• _TO DO_: Without the images, write out all of the following entries exactly.
[DATA FOR REVIEW — start]
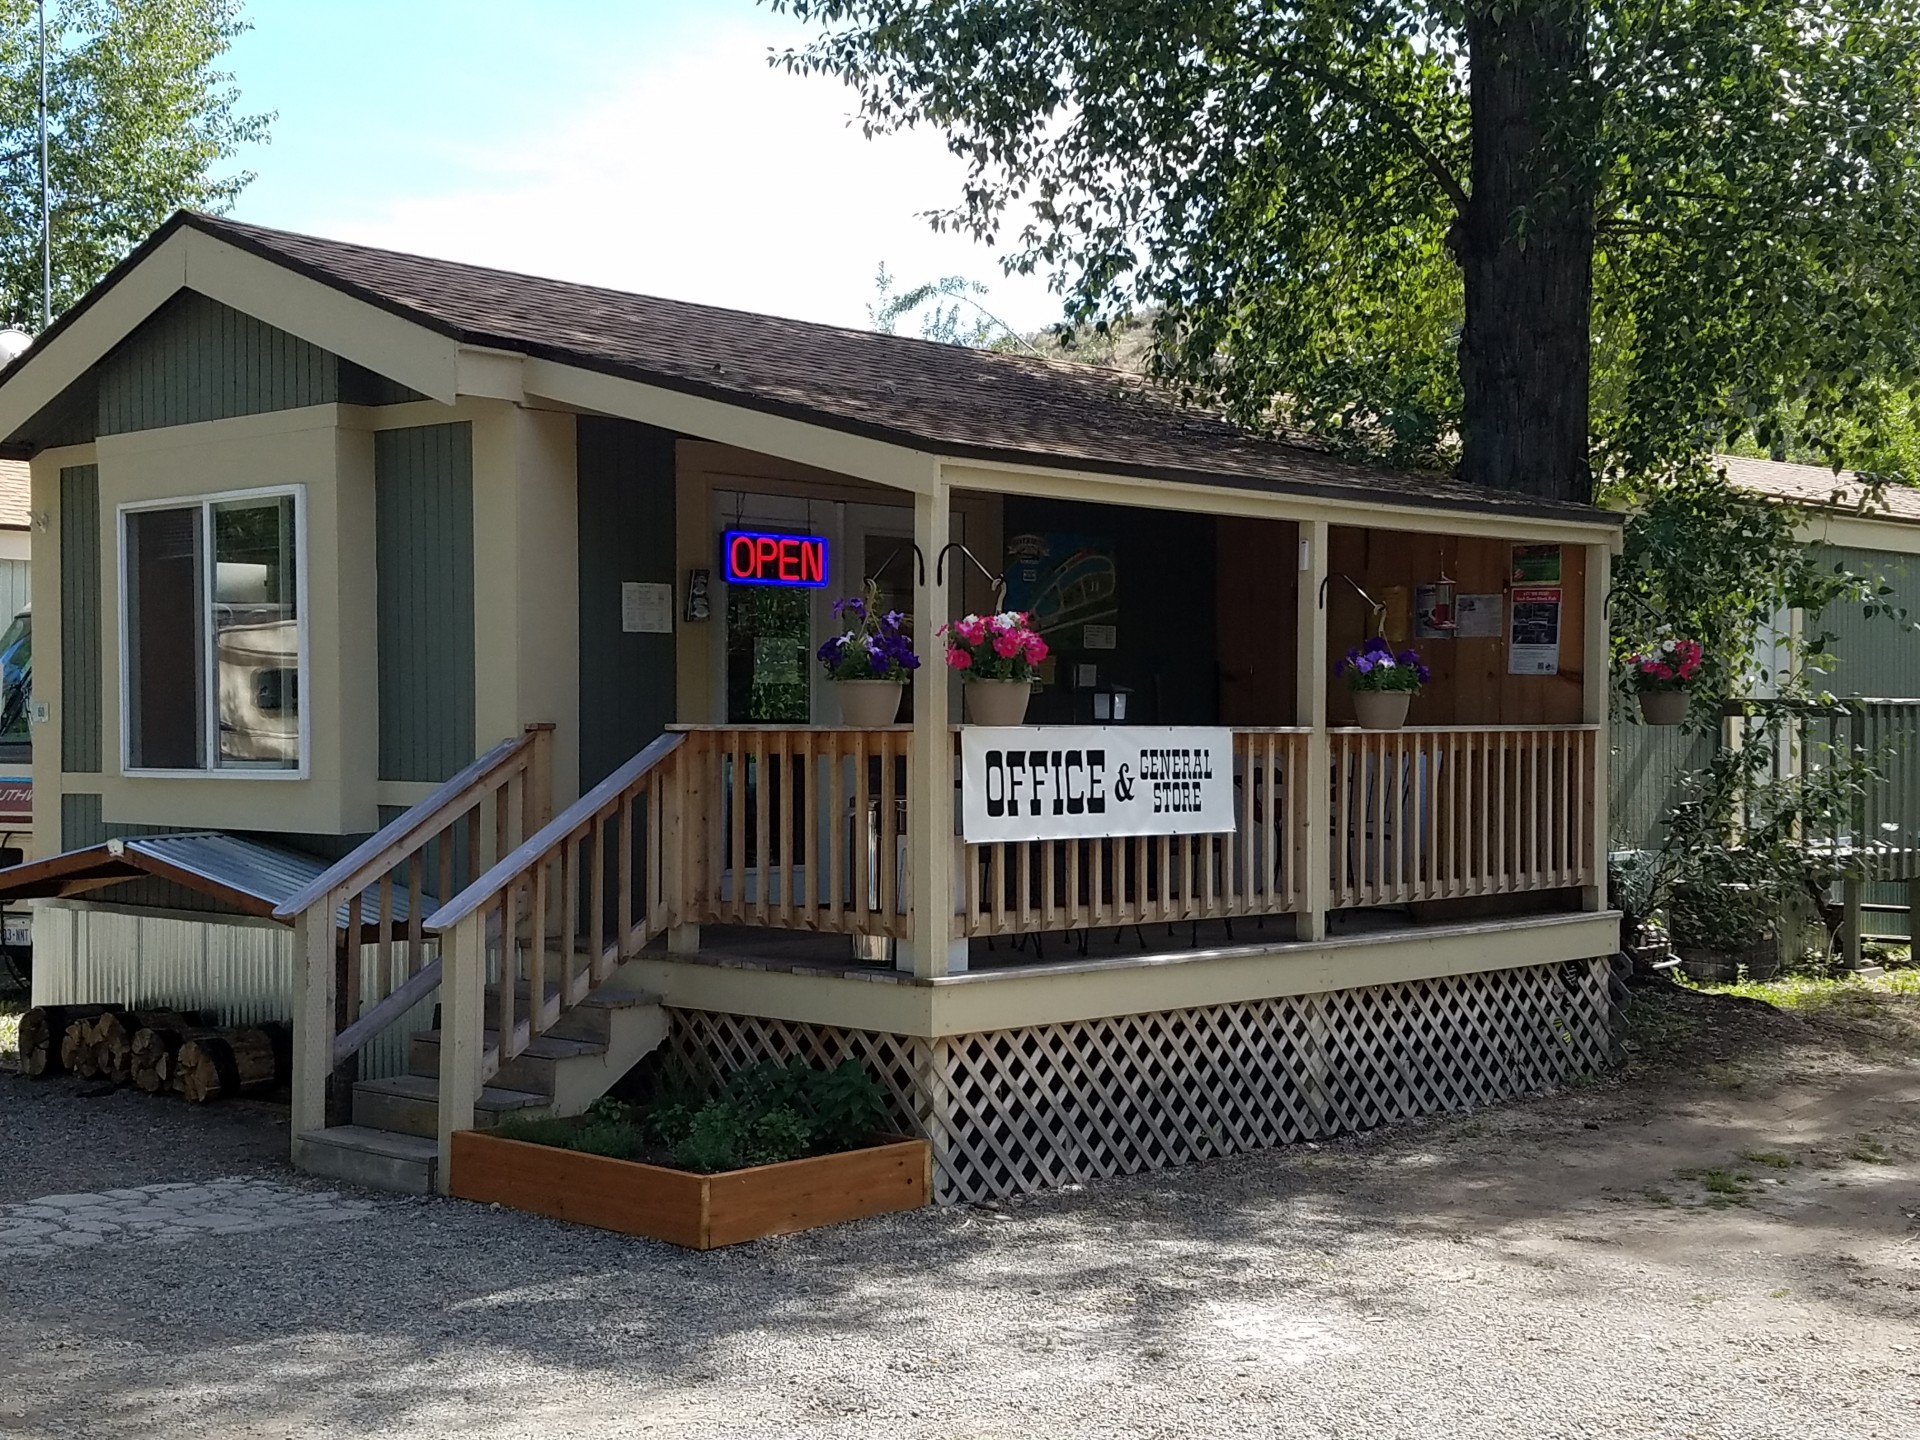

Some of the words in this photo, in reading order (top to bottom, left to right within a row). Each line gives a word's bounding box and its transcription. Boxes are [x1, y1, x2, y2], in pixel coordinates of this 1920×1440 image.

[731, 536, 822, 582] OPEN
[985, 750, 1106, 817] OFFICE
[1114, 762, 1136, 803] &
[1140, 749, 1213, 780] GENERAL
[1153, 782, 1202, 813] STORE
[DATA FOR REVIEW — finish]
• _RESPONSE FOR THIS EXERCISE_:
Some of the words in this photo, in reading order (top to bottom, left to right within a row). Each line gives a word's bounding box and its transcription. Boxes are [x1, y1, x2, y2], in pixel coordinates of this 1920×1440 image.

[731, 536, 822, 582] OPEN
[985, 750, 1106, 817] OFFICE
[1114, 762, 1136, 803] &
[1140, 749, 1213, 780] GENERAL
[1153, 782, 1202, 813] STORE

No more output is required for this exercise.